Several blood tests can indicate Wilson's disease, although no single test is definitive. A combination of abnormal results across multiple tests raises suspicion and warrants further investigation.
Key Blood Tests for Wilson's Disease
Here's a breakdown of the key blood tests used in the diagnosis of Wilson's disease:
-
Ceruloplasmin Level:
- Typically Low: This is a hallmark finding in Wilson's disease. Ceruloplasmin is a protein that carries copper in the bloodstream. Because individuals with Wilson's disease have difficulty attaching copper to ceruloplasmin, the level of this protein is often reduced.
- Important Note: Low ceruloplasmin can also be found in other conditions, making it essential to consider other factors.
-
Serum Copper Level:
- Variable Results: Total serum copper levels can be higher, lower, or normal in Wilson's disease. This is because copper is not being properly processed and transported.
- Free Copper: More importantly, the free copper (copper not bound to ceruloplasmin) is usually elevated in Wilson's disease.
-
Liver Enzymes (ALT and AST):
- Elevated Levels: Alanine transaminase (ALT) and aspartate transaminase (AST) are liver enzymes. Elevated levels indicate liver damage, which is common in Wilson's disease.

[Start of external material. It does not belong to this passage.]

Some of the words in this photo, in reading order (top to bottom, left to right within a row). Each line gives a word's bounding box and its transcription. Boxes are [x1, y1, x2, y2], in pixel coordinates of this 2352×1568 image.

- Non-Specific: Elevated liver enzymes are not specific to Wilson's disease and can be caused by various other liver conditions.
-
Other Blood Tests:
- Complete blood count (CBC) to assess for anemia or thrombocytopenia.
- Comprehensive metabolic panel (CMP) to assess overall liver and kidney function.

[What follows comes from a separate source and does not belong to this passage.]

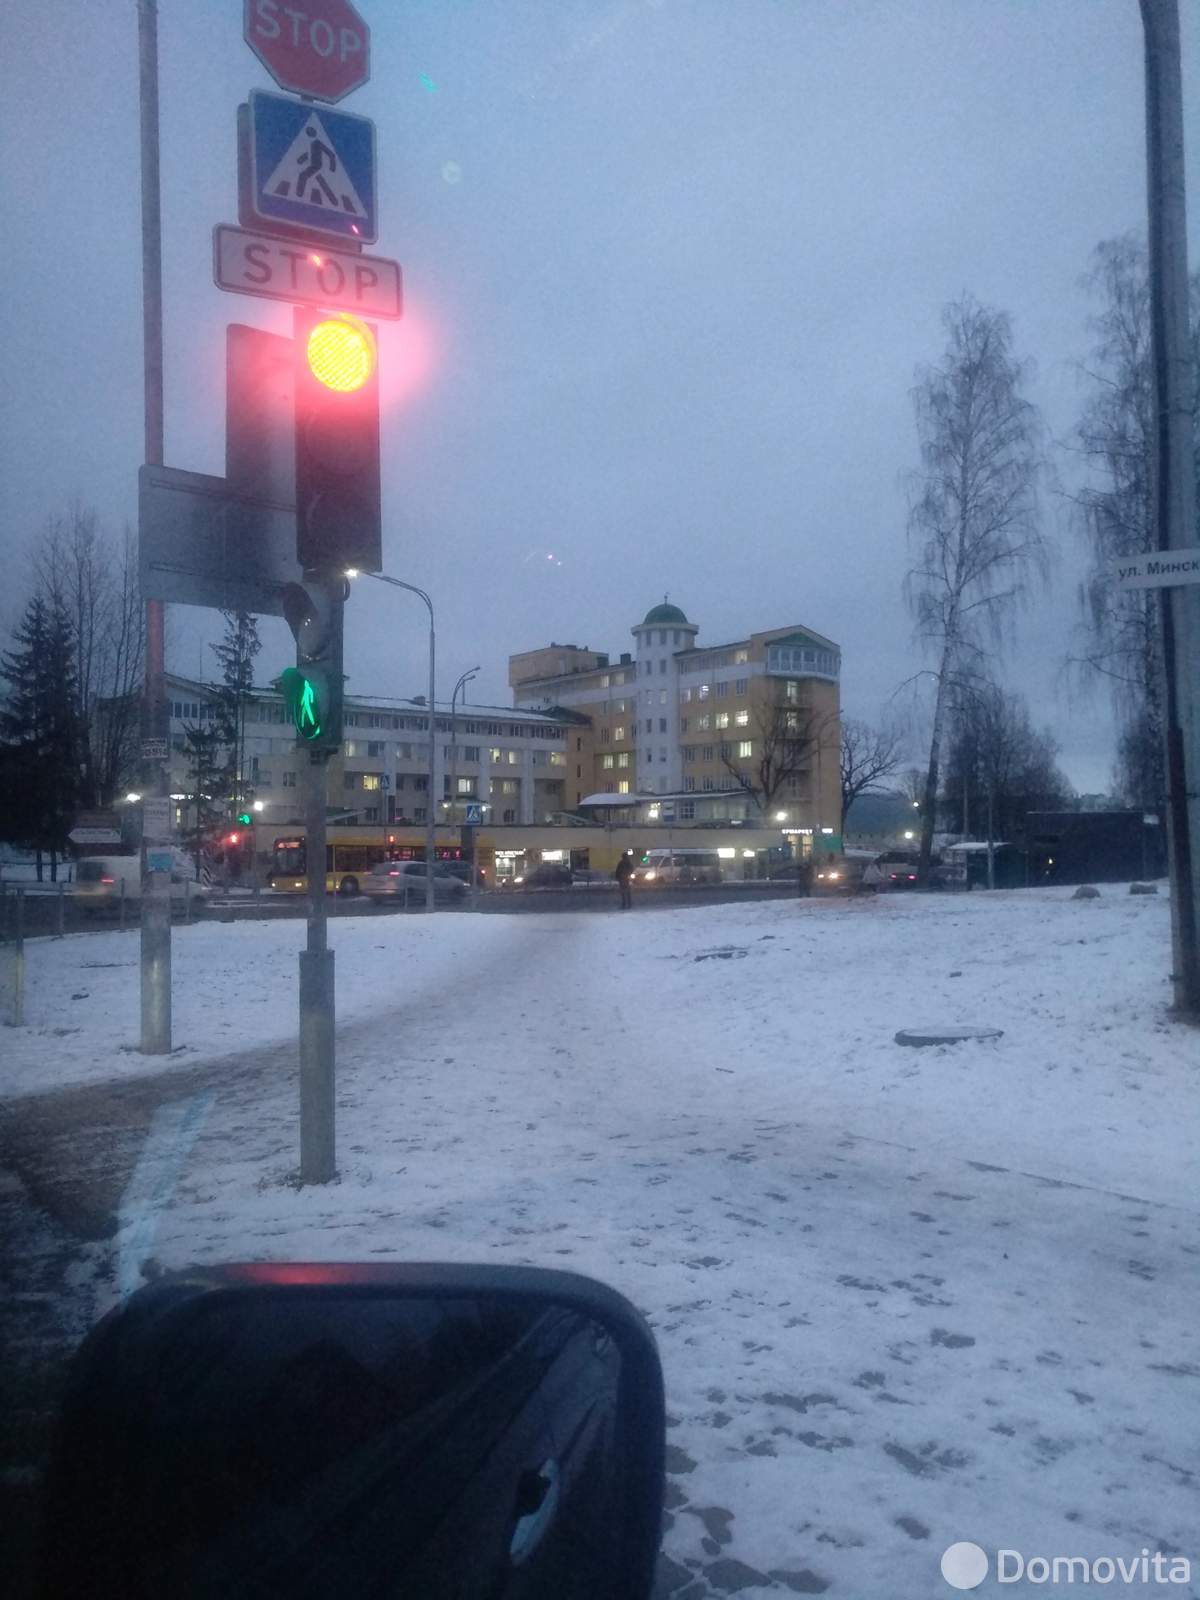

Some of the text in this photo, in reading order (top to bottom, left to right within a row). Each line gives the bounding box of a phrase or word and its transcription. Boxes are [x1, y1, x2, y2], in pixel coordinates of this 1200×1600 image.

Summary of Blood Test Findings in Wilson's Disease
| Blood Test | Typical Result in Wilson's Disease |
|---|---|
| Ceruloplasmin | Low |
| Serum Copper | Variable (may be low, normal, or high) |
| Free Copper | High |
| ALT and AST | Elevated |
Important Considerations
It's vital to note that blood test results alone are not sufficient for diagnosing Wilson's disease. A doctor will consider these results in conjunction with a physical examination, patient history, and other diagnostic tests such as:
- Urine Copper Test: Measures the amount of copper excreted in the urine over 24 hours. People with Wilson's disease typically excrete more copper than normal.
- Liver Biopsy: A small sample of liver tissue is examined under a microscope to assess copper levels and liver damage.
- Genetic Testing: Identifies mutations in the ATP7B gene, which is responsible for Wilson's disease.
A definitive diagnosis requires careful evaluation by a healthcare professional specializing in liver disease or metabolic disorders.